INFORMATION SUPPLIED.
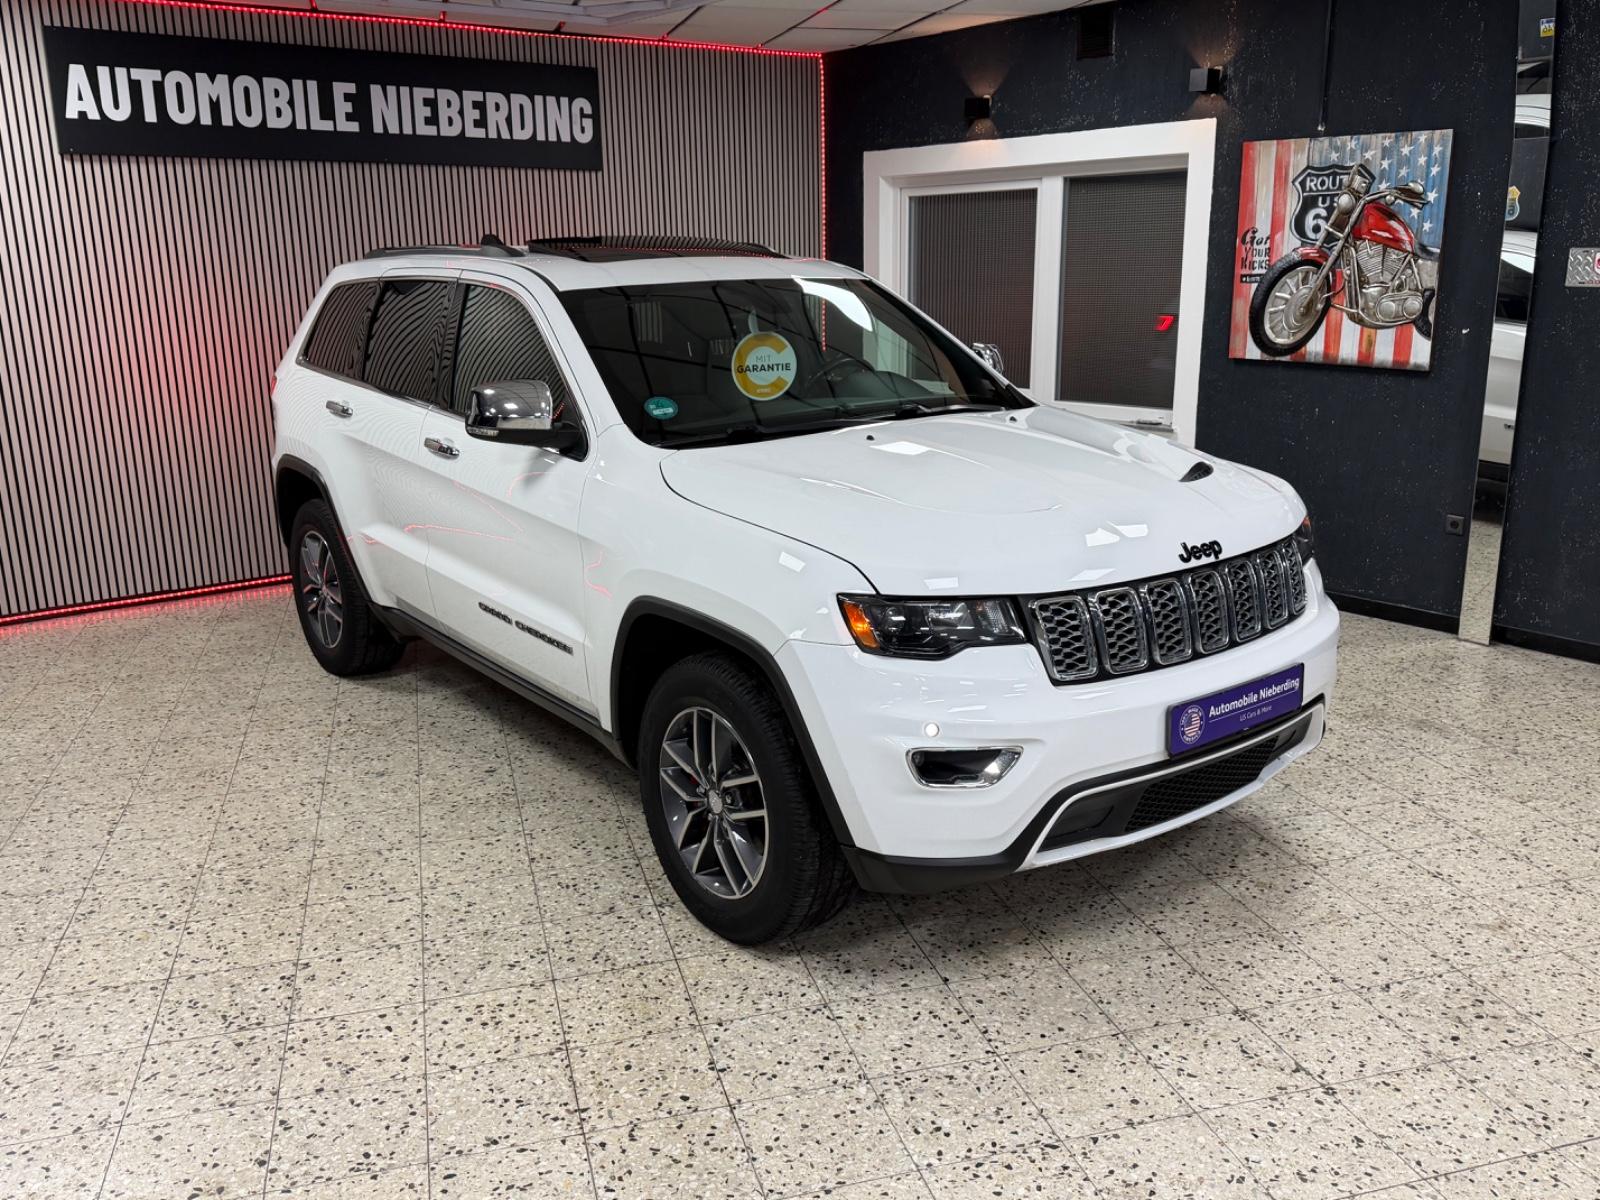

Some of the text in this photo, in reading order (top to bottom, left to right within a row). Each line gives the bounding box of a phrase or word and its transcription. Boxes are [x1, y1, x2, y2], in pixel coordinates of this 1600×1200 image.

[65, 63, 594, 144] AUTOMOBILE NIEBERDING
[1306, 175, 1350, 191] ROUT
[736, 362, 791, 374] GARANTIE
[755, 354, 771, 363] MIT
[1178, 540, 1222, 563] Jeep
[1209, 678, 1300, 718] Automobile Nieberding
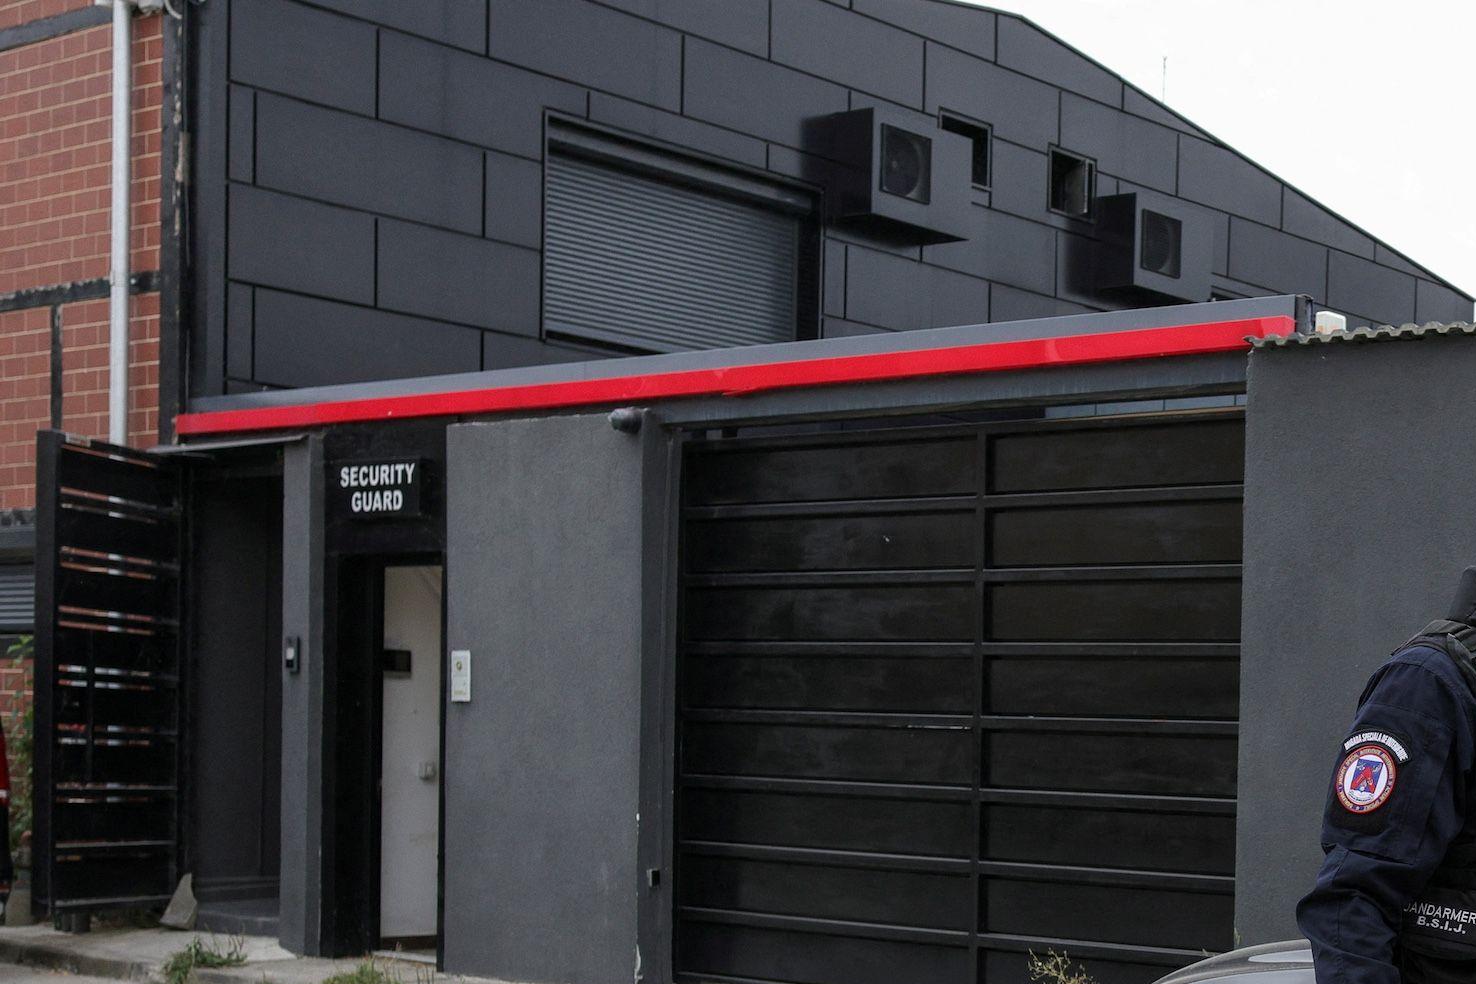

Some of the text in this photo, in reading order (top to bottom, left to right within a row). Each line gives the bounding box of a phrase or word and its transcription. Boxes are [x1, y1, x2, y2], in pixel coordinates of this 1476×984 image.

[339, 462, 416, 488] SECURITY
[351, 489, 403, 512] GUARD
[1416, 915, 1466, 935] B.S.I.J.

WHAT THE TASK ASKS. Output the records above in their entirety and exactly, leaving out all images.

ANSWER TO THE PROBLEM.
Some of the text in this photo, in reading order (top to bottom, left to right within a row). Each line gives the bounding box of a phrase or word and its transcription. Boxes are [x1, y1, x2, y2], in pixel coordinates of this 1600×1200 image.

[65, 63, 594, 144] AUTOMOBILE NIEBERDING
[1306, 175, 1350, 191] ROUT
[736, 362, 791, 374] GARANTIE
[755, 354, 771, 363] MIT
[1178, 540, 1222, 563] Jeep
[1209, 678, 1300, 718] Automobile Nieberding

Some of the text in this photo, in reading order (top to bottom, left to right within a row). Each line gives the bounding box of a phrase or word and its transcription. Boxes are [x1, y1, x2, y2], in pixel coordinates of this 1476×984 image.

[339, 462, 416, 488] SECURITY
[351, 489, 403, 512] GUARD
[1416, 915, 1466, 935] B.S.I.J.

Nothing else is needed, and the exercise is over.